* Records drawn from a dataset
■ ■ ■ ■

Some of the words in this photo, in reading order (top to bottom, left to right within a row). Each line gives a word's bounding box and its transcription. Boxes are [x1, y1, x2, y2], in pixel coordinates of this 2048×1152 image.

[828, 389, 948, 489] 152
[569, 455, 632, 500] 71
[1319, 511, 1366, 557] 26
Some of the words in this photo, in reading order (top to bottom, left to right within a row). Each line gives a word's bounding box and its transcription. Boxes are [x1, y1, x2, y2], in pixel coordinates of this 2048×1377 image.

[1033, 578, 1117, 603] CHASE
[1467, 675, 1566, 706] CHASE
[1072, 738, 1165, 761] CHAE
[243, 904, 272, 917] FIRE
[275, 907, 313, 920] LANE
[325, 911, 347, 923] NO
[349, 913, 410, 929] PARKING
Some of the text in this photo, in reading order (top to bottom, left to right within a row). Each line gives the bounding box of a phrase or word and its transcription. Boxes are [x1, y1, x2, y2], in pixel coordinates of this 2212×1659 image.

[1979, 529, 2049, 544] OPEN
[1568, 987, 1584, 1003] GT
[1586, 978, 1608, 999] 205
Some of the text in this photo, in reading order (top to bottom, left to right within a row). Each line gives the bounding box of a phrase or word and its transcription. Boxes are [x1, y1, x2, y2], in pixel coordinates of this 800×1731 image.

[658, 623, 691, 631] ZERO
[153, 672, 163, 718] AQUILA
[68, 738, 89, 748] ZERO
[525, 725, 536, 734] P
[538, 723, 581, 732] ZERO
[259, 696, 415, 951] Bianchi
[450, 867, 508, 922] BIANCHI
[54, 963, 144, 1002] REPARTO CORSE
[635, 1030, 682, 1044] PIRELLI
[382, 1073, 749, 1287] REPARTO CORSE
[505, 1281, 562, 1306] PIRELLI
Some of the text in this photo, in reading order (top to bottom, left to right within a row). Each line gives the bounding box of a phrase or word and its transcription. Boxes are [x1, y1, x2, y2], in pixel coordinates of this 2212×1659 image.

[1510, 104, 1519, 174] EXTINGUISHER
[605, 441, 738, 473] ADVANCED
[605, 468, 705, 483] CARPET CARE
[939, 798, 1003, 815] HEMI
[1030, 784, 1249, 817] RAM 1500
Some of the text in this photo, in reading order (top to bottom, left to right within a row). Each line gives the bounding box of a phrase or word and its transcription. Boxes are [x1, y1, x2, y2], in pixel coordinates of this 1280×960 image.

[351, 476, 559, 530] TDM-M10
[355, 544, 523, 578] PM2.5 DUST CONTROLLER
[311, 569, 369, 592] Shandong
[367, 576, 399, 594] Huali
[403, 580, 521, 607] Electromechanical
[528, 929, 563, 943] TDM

■ ■ ■ ■

* THE PROBLEM
Only the lines from the one with "this 800×1731 image." to the end of the entries above belong in your answer. Retype them exactly.

* PROBLEM SOLUTION
Some of the text in this photo, in reading order (top to bottom, left to right within a row). Each line gives the bounding box of a phrase or word and its transcription. Boxes are [x1, y1, x2, y2], in pixel coordinates of this 800×1731 image.

[658, 623, 691, 631] ZERO
[153, 672, 163, 718] AQUILA
[68, 738, 89, 748] ZERO
[525, 725, 536, 734] P
[538, 723, 581, 732] ZERO
[259, 696, 415, 951] Bianchi
[450, 867, 508, 922] BIANCHI
[54, 963, 144, 1002] REPARTO CORSE
[635, 1030, 682, 1044] PIRELLI
[382, 1073, 749, 1287] REPARTO CORSE
[505, 1281, 562, 1306] PIRELLI
Some of the text in this photo, in reading order (top to bottom, left to right within a row). Each line gives the bounding box of a phrase or word and its transcription. Boxes are [x1, y1, x2, y2], in pixel coordinates of this 2212×1659 image.

[1510, 104, 1519, 174] EXTINGUISHER
[605, 441, 738, 473] ADVANCED
[605, 468, 705, 483] CARPET CARE
[939, 798, 1003, 815] HEMI
[1030, 784, 1249, 817] RAM 1500
Some of the text in this photo, in reading order (top to bottom, left to right within a row). Each line gives the bounding box of a phrase or word and its transcription. Boxes are [x1, y1, x2, y2], in pixel coordinates of this 1280×960 image.

[351, 476, 559, 530] TDM-M10
[355, 544, 523, 578] PM2.5 DUST CONTROLLER
[311, 569, 369, 592] Shandong
[367, 576, 399, 594] Huali
[403, 580, 521, 607] Electromechanical
[528, 929, 563, 943] TDM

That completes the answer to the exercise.